The sensuous quality to Haarbürste’s desire is not lost in the silliness, and the longer one reads about him and his pet turtle Jetta, the more one feels compassion towards his inexplicable fetish. In one postcard story prefacing the novel, Orbison and Haarbürste are in outer space. “As the clingfilm unfurls in languid arc in the zero gravity and then girdles him gently as I spiral around him … Tears of wordless joy leak from my ducts and float off like little jewels, crystallized moment of ecstasy, tiny universes of rapture, perfect unto themselves. ‘You are completely wrapped in clingfilm, Captain.’”
In the novel, neurotic Haarbürste and his turtle Jetta help black-garbed, sunglass-clad Orbison solve problems and fight Mexican bandits in Düsseldorf.

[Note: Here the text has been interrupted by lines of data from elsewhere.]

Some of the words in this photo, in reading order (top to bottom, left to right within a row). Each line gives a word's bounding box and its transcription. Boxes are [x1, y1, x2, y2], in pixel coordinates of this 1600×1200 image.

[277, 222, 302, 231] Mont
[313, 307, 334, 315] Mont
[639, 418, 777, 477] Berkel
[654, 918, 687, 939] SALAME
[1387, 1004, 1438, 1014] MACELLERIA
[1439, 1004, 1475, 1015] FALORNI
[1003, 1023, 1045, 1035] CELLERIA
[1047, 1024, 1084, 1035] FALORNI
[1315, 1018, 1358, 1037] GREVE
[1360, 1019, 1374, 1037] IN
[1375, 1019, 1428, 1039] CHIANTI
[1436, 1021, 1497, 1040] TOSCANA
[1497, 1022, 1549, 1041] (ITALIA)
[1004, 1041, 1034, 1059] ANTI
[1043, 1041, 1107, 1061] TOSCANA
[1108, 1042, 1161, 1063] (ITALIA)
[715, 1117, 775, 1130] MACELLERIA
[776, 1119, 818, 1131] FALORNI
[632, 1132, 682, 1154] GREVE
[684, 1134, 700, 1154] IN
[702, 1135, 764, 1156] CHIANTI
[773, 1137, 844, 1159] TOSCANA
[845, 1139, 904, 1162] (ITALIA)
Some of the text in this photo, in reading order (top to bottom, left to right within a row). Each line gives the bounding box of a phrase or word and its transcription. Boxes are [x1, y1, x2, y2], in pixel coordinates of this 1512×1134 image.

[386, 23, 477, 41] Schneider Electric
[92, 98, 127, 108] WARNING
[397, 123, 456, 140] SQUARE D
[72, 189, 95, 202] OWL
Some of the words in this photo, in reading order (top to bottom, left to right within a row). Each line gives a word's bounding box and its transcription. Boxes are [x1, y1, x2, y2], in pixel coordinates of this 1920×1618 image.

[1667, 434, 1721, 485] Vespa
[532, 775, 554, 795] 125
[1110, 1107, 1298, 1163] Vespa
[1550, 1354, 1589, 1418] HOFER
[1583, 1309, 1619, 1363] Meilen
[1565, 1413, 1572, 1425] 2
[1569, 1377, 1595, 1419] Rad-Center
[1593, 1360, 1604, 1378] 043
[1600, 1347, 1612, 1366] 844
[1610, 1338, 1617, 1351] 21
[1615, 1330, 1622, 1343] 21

Part of the joy, and almost all the humour, comes from Haarbürste’s characters’ supra-polite and yet irrationally systematic behaviour stereotypically associated with Germans. The author’s ‘Germanification’ of English – a style which borrows German phrases and has a halting rhythm – allows the characters to be rigid and courtly. Roy’s response to Haarbürste’s recurring request to wrap him in clingfilm is always some variation of the following: “I see no reason to object. Commence to wrap me in clingfilm at once.”
The attempt to wrap Roy in clingfilm is always full of anxiety for Haarbürste, and the addition of evil-doers adds an extra degree of angst. The evil-doers are clownish and, like most cartoonish villains, overconfident.
“I began in the ordinary way, with littering and queue-barging,” explains one criminal to another. “I logically proceeded to murder and tax-evasion … I now take a positive delight in flouting the social conventions. I leave my shoe-laces untied, I do not comb my hair, and I am cavalier with the use of Umlauts.”
One criminal says that he crosses against the traffic light “for the sheer metaphysical evil of it.”
The melodrama and slapstick are highly amusing and kept me reading despite the frequent chapter breaks. The absurdity was the book’s biggest charm. The central turning point of the book comes when Roy reguses to be wrapped in clingfilm anymore, plunging Haarbürste into a suicidal melancholy. At this point I realized my attachment to the stubborn Haarbürste and my heart ached as his turtle Jetta watched him experiment with ways of killing himself that would not cause inconvenience to other people once he was dead. He was ready to tie himself up in a burlap bag for trash collection but he realized that if he killed himself with a knife, the trash collectors might cut their hands on it.
In an interview on his website, Kelly keeps up his serious veneer. When asked how many people see his stories as humorous, he replies, “I am not aware of anyone seeing it as humour … if people laugh that is nice, but I do not think my fans would class me as a humorist in the way that you would, say, Dan Brown.”
He explains the reason he chose Roy Orbison was that he was intrigued by his “mysterious and enigmatic quality.” He explains that clingfilm has always fascinated him since he was a child because “it is supple and sensuous, clinging and yet transparent.”
While admitting to not actually having met Roy Orbison, Kelly reiterates his hope:
“Only last week I was washing some dishes and I thought, 'What if Roy Orbison was forced to wash some dishes? There would be a danger of his clothes being splashed. What could be more logical than to wrap him in clingfilm to prevent this?' So it goes.”
My only critique? The book should come wrapped in clingfilm.